Махтумкули - [19]
— Не получится! — сказал он решительно. — Кто такой Ахмед-шах? Бывший верный нукер, придворный кровавого Надир-шаха. Пытаемся успокоить себя тем, что он, мол, суннит. Ну и что из того? Разве владыки Хивы и Бухары не сунниты? Когда дело доходит до насилия, до лакомого кусочка, ни вера, ни сами верующие во внимание не принимаются.
— Ты прав, поэт, — одобрил торговец Дурды, — ты молодец. Кто несет нам невзгоды и разорение? Иранские грабители, хивинские головорезы, бухарские душегубы. И все они — мусульмане, как и мы, сунниты там или шииты — все равно мусульмане, не капыры. А у русских совсем иная вера. Однако ничего дурного они нам не делают. Мы часто бываем у них, покупаем нужные товары, продаем свои. Трижды ездил я на их земли, и ни разу у меня не спросили: «Какую ты исповедуешь веру?» Для них важно, чтобы товары были добротные и чтобы не запрашивали мы слишком дорого. Нуртаган подтвердить может… Вот он сидит, Нуртаган. Он сопровождал Ходжанепеса до самого северного края русской земли, когда тот в Петербург добирался. Скажи им, Нуртаган!

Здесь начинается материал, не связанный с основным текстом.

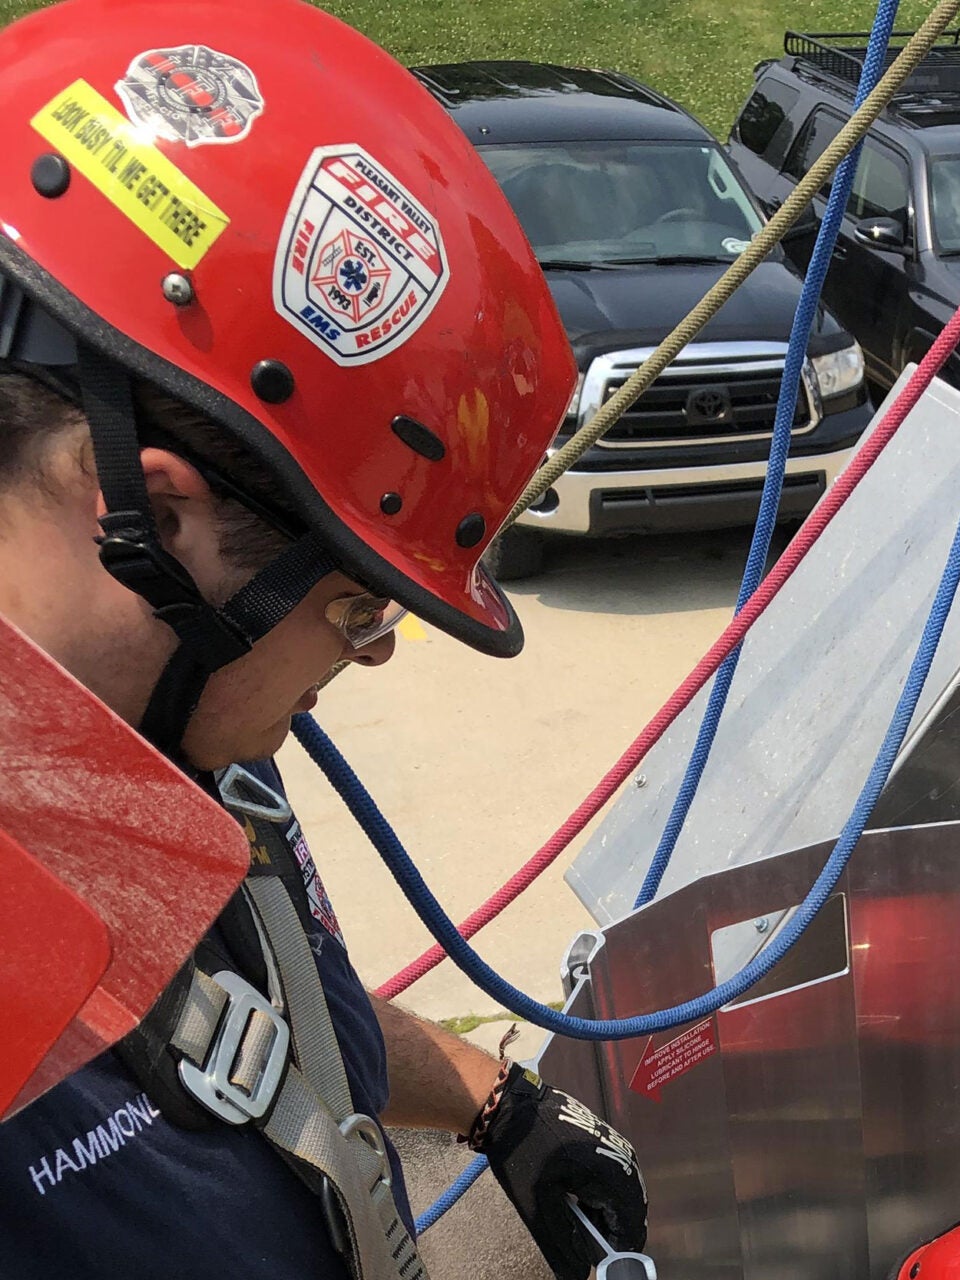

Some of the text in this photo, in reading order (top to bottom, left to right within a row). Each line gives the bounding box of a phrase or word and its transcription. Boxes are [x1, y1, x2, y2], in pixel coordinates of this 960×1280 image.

Все разом повернулись и уставились на Нуртагана, как давеча — на Махтумкули. Что там ни толкуй, а благодарные слушатели сидели вокруг, не снисходительные высокомерные снисхождением, не равнодушные. Они слышали о Ходжанепесе, он уже покинул сей бренный мир, но, подобно затейливой легенде, подобно сказке жили слухи о его пребывании в России И вот он, живой свидетель легенды, сидит рядом. А ну, не заволнуйся, попробуй!
В темноте, где-то у моря раздался тягучий, полный отчаяния и безнадежности вопль — женщина кричала так, будто ее собирались зарезать. Крик подхватила другая женщина — и страшный своей слаженностью дуэт горя и муки, казалось, колыхнул пламя костров. Сидевшие возле них люди насторожились, обменялись вопрошающими взглядами, но никто не тронулся с места — происходящее там, в темноте, их не касалось. Лишь Нурджан проворно вскочил и зашагал туда, где кричали. Несколько подростков заторопились за ним.
Торговец Дурды сердито предположил:
— Определенно Тархан-аламанщик безобразничает. Придется сказать ему, чтоб изменил ремесло. Всякий раз, как ни встретишь, гонит связанных бедняг… Хочет торговать — пусть ищет более пристойный товар!
Сидящие каждый по-своему выразили мнение — в общем все соглашались с Дурды: торговля пленными, конечно, не возбраняется законом, не один Тархан занимается этим, да лучше подальше держаться от такого небогоугодного дела.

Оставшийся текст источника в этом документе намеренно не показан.